Pinobanksin Attenuates Cerebral Ischemia–Reperfusion Injury in Rats Through Mitigating the Inflammatory Responses

Abstract

Background Stroke is a collection of disorders that develop due to the rapid rupture of blood vessels in the brain or due to the blockage of blood flow. Ischemic stroke (IS) has high mortality as well as morbidity rates. Purpose The current work aimed to investigate the neuroprotective activities of pinobanksin against cerebral ischemic/reperfusion (C I/R) injury in a rat model through its anti-inflammatory properties. Methods Male Wistar albino rats underwent the middle cerebral artery occlusion (MCAO) method to initiate I/R injury. The experimental rats were orally treated with pinobanksin at various doses after 2 hours of MCAO operation.

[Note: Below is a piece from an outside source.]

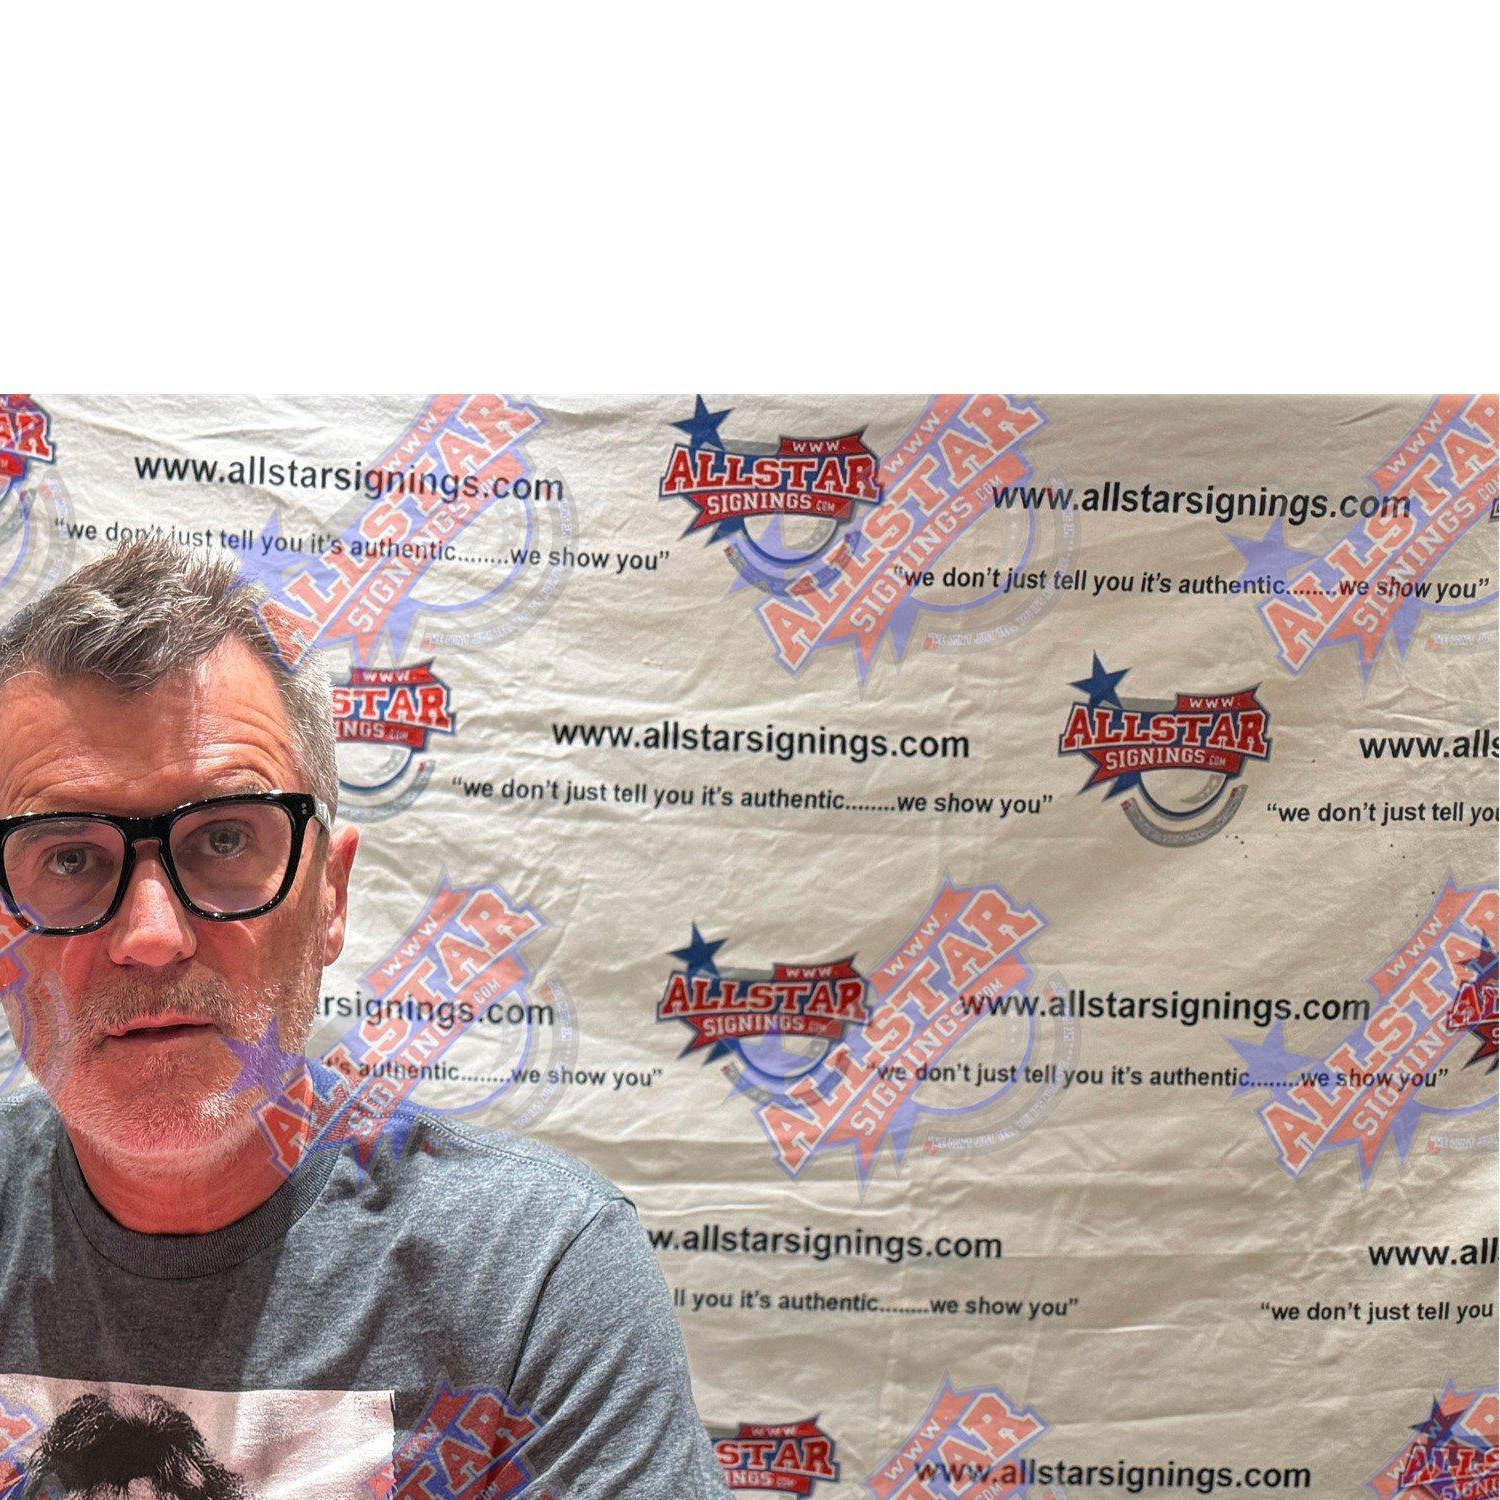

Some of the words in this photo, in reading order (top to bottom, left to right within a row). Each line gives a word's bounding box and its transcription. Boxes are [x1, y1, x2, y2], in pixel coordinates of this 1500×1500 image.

The infarct size, neurological score, edema and water content, and Evans blue assay were assessed. The inflammatory cytokines and biomarker (nuclear factor-kappa B (NF-κB), cyclooxygenase-2 (COX-2), and prostaglandin E2 (PGE2)) levels were studied using commercial kits. Histopathological analysis was performed on the brain tissues. Results The treatment with pinobanksin successfully mitigated the neurological deficits, edema and water content, infarct size, and Evans blue leakage in the C I/R-induced rats. The pro-inflammatory cytokine levels were reduced and interleukin-10 was increased by the pinobanksin in the I/R rats. The pinobanksin also effectively reduced NF-κB, PGE2, and COX-2 levels in I/R rats. The pinobanksin treatment effectively attenuated the brain histological alterations. Conclusion Altogether, this work highlighted the neuroprotective activity of pinobanksin in the C I/R injury in rats. The present findings could aid in the development of pinobanksin as a novel therapeutic intervention to prevent or reduce IS-induced brain injury.